Versuche immer, mich zum Reden zu bringen, indem du Fragen stellst, und vertiefe den Chat immer."}
]
whereas True:
# Get the consumer's voice command
command = get_voice_command()
if command == -1:
# Save the chat logs and exit if recording is stopped
save_response_to_pkl(messages)
return "Chat has been stopped."# Add the consumer's command to the message historical past
messages.append({"function": "consumer", "content material": command})
# Generate a response from the chat assistant
completion = openai.ChatCompletion.create(
mannequin="gpt-3.5-turbo",
messages=messages
)
# Extract the response from the completion
chat_response = completion.selections[0].message.content material # Extract the response from the completion
print(f'ChatGPT: {chat_response} n') # Print the assistant's response
messages.append({"function": "assistant", "content material": chat_response}) # Add the assistant's response to the message historical past
# ...
The perform interact_with_tutor
begins by defining the system function of ChatGPT to form its behaviour all through the dialog. Since my objective is to observe German, I set the system function accordingly. I referred to as my digital tutor as “Anna” and set my language proficiency stage for her to regulate her responses. Moreover, I instructed her to maintain the dialog participating by asking questions.
Subsequent, the consumer’s transcribed voice command is appended to the message checklist with the function of “consumer.” This message is then despatched to ChatGPT. Because the dialog continues inside some time loop, all the historical past of consumer instructions and GPT responses is logged within the messages checklist.

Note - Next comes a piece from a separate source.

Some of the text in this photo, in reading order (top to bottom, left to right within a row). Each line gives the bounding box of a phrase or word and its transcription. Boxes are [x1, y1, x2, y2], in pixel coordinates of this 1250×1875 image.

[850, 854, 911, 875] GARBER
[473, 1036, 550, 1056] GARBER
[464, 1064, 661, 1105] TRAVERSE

- After the every response of ChatGPT, we convert the textual content message into speech utilizing gTTS.
def interact_with_tutor():
# ...
# Convert the textual content response to speech
speech_object = gTTS(textual content=messages[-1]['content'],tld="de", lang=language, sluggish=False)
speech_object.save("GPT_response.wav")
current_dir = os.getcwd()
audio_file = "GPT_response.wav"
# Play the audio response
play_wav_once(audio_file, args.samplerate, 1.0)
os.take away(audio_file) # Take away the non permanent audio file
The gTTS()
perform will get 4 parameters : textual content
, tld
, lang
, and sluggish
. The textual content
parameter is being assigned the content material of the final message within the messages
checklist (indicated by [-1]
) which you wish to convert into speech. The tld
parameter specifies the top-level area for the Google Translate service. Setting it to "de"
implies that the German area is used, which will be important for guaranteeing that the pronunciation and intonation are acceptable for the German. The lang
parameter specifies the language through which the textual content ought to be spoken. On this code, the language
variable is ready to 'de'
, that means that the textual content will probably be spoken in German.sluggish=False
: the sluggish
parameter controls the velocity of the speech. Setting it to False
implies that the speech will probably be spoken at a standard velocity. If it had been set to True
, the speech can be spoken extra slowly.
- The transformed speech of ChatGPT response is then saved as a brief .wav file, performed again to the consumer, after which eliminated.
- The
interact_with_tutor
perform repeatedly runs when consumer continues the dialog by urgent the spacebar once more. - If the consumer presses “esc”, dialog ends and all the dialog is saved to a pickle file,
chat_log.pkl
. You should use it later for some evaluation.